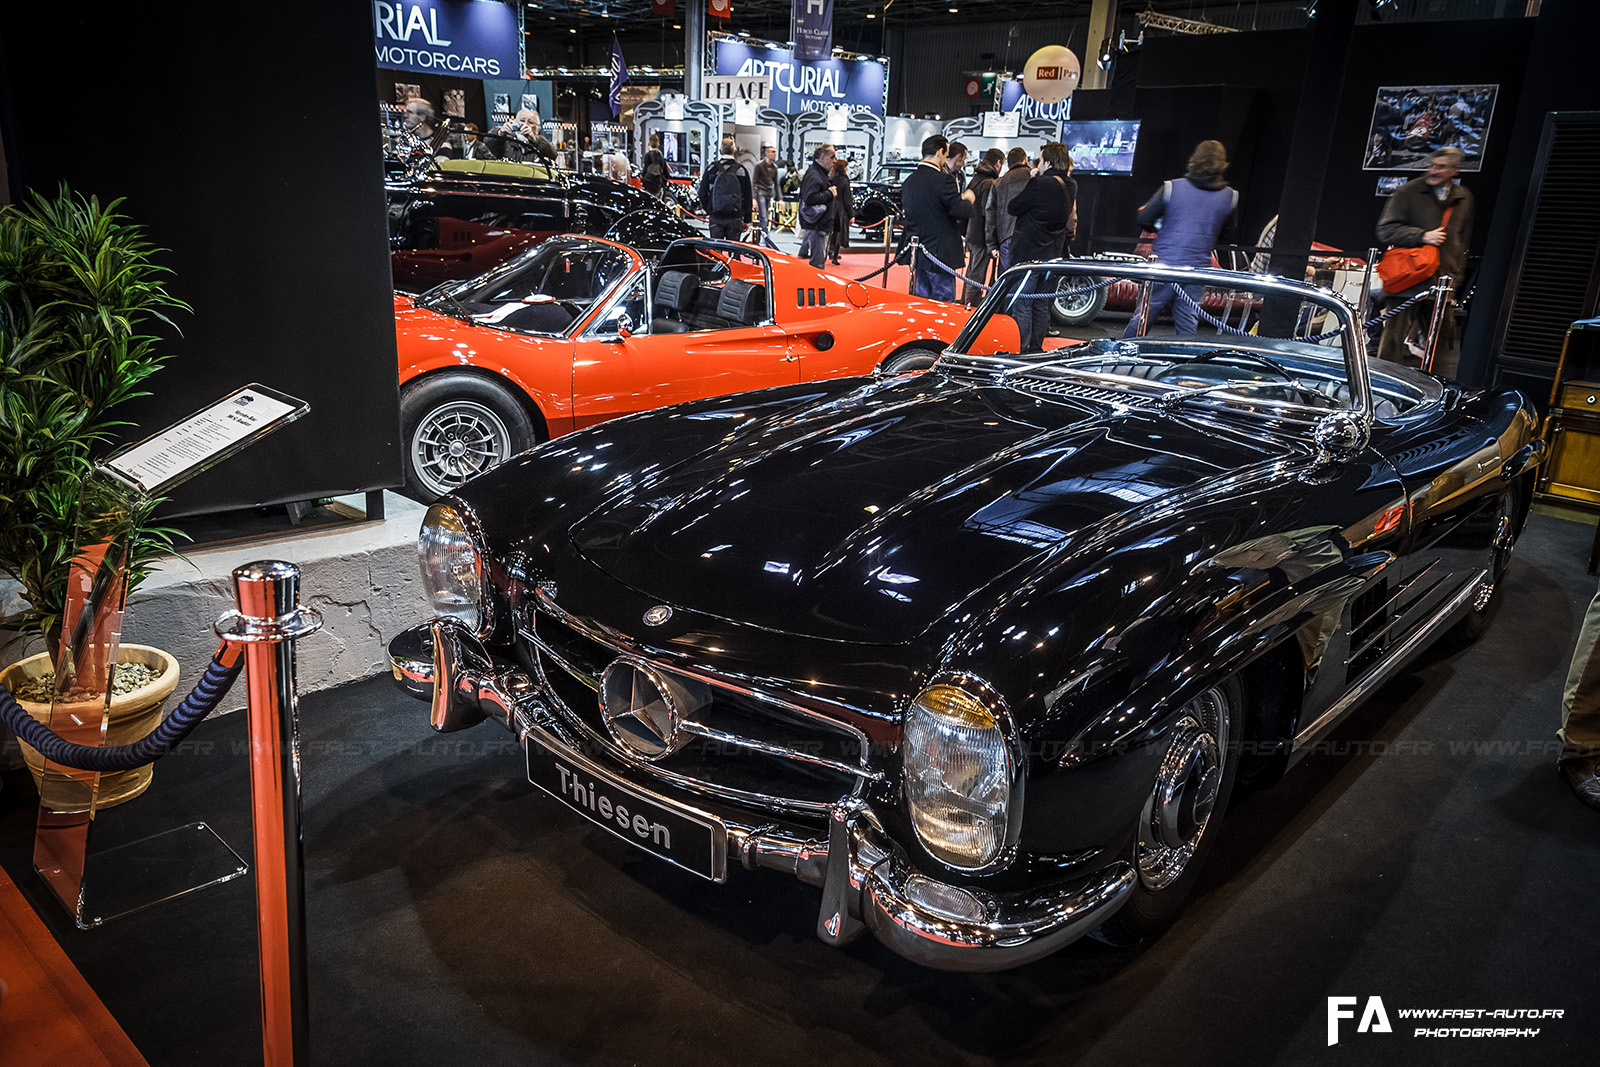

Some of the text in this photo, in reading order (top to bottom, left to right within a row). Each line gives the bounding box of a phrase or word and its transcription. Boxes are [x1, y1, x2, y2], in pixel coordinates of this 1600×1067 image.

[375, 45, 501, 76] MOTORCARS
[1038, 68, 1055, 78] Red
[705, 81, 769, 101] DELAGE
[555, 762, 671, 850] Thiesen
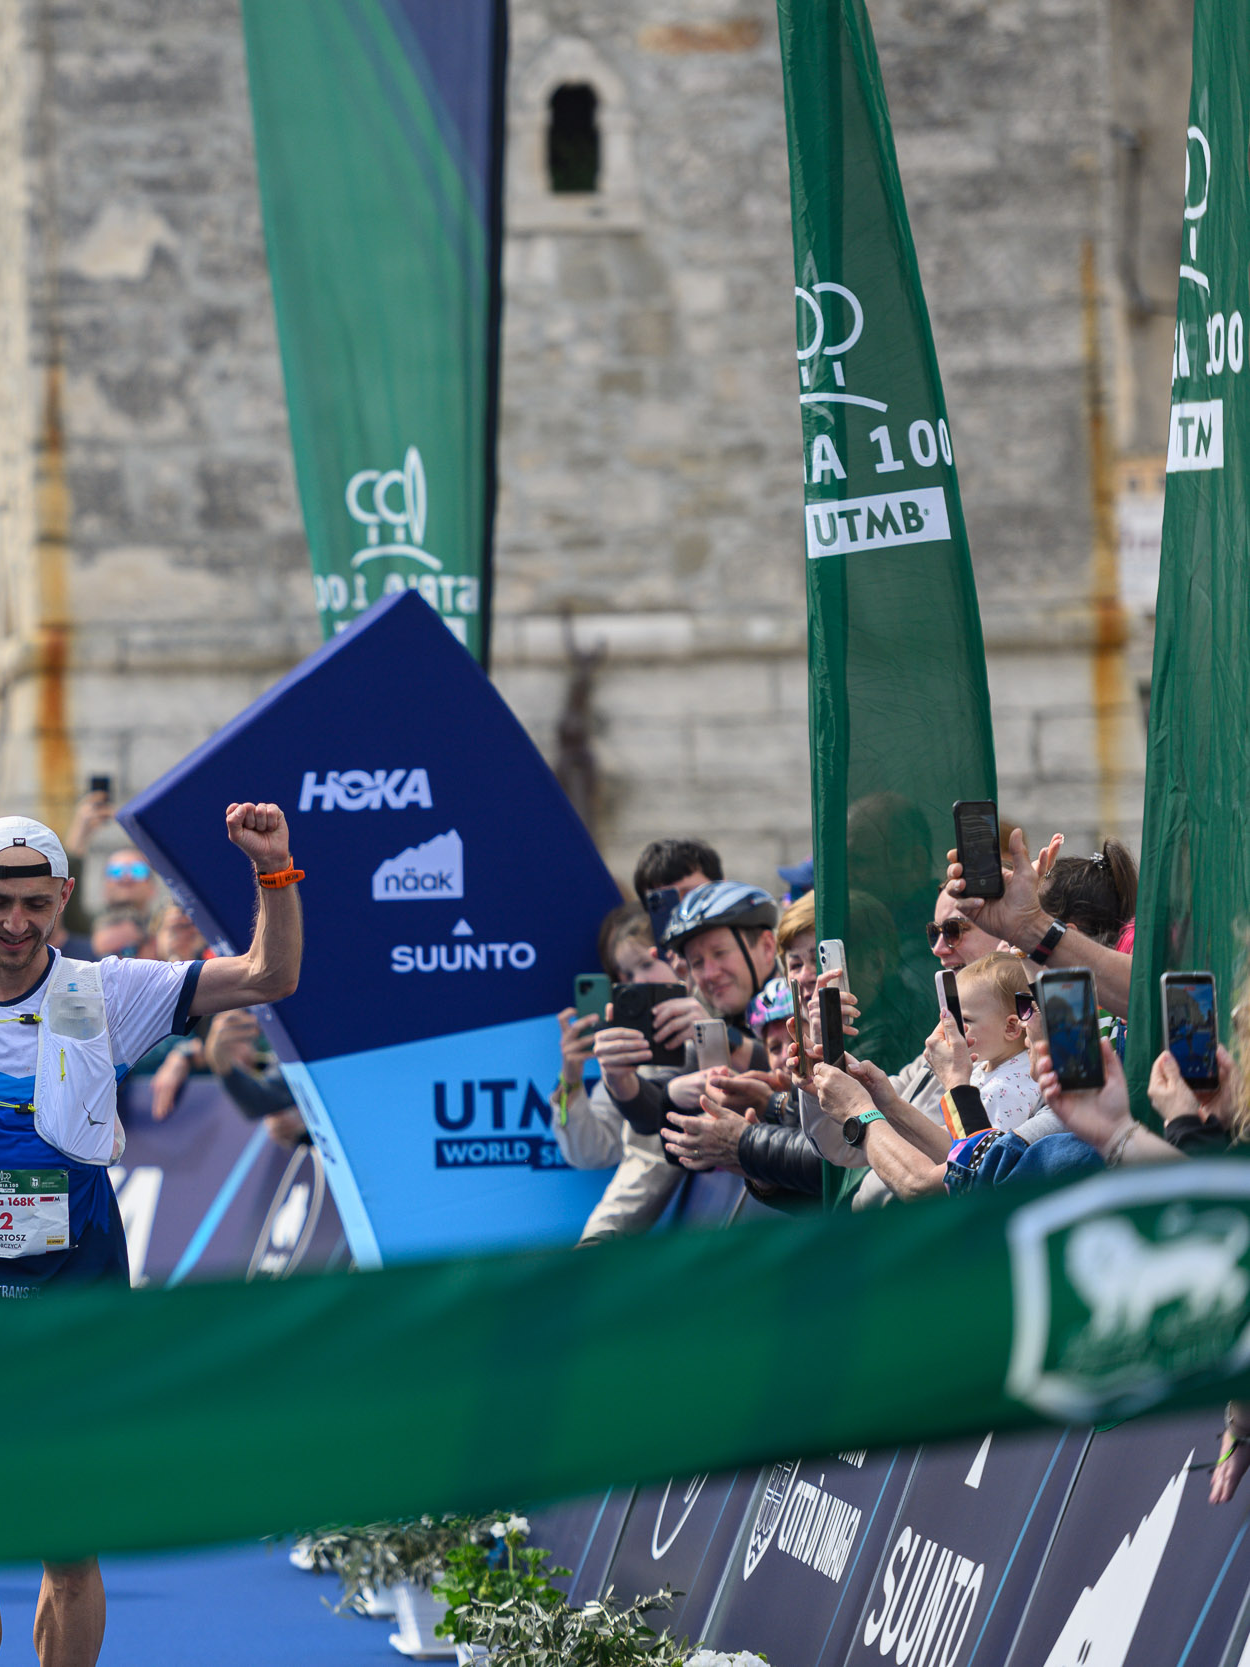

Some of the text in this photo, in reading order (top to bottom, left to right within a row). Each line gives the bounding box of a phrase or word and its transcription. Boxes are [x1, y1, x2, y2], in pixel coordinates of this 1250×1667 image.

[869, 418, 953, 473] 100
[298, 768, 433, 812] HOKA
[384, 867, 454, 891] näak
[391, 942, 536, 973] SUUNTO
[442, 1141, 531, 1164] WORLD
[7, 1197, 36, 1207] 168K
[0, 1212, 13, 1230] 2
[864, 1526, 985, 1667] SUUNTO

::::::::

● Aim of the exercise: Transcribe the listing above verbatim. No picture belongs in the result.

● Answer to this task:
Some of the text in this photo, in reading order (top to bottom, left to right within a row). Each line gives the bounding box of a phrase or word and its transcription. Boxes are [x1, y1, x2, y2], in pixel coordinates of this 1600×1067 image.

[375, 45, 501, 76] MOTORCARS
[1038, 68, 1055, 78] Red
[705, 81, 769, 101] DELAGE
[555, 762, 671, 850] Thiesen

Some of the text in this photo, in reading order (top to bottom, left to right within a row). Each line gives the bounding box of a phrase or word and its transcription. Boxes are [x1, y1, x2, y2], in pixel coordinates of this 1250×1667 image.

[869, 418, 953, 473] 100
[298, 768, 433, 812] HOKA
[384, 867, 454, 891] näak
[391, 942, 536, 973] SUUNTO
[442, 1141, 531, 1164] WORLD
[7, 1197, 36, 1207] 168K
[0, 1212, 13, 1230] 2
[864, 1526, 985, 1667] SUUNTO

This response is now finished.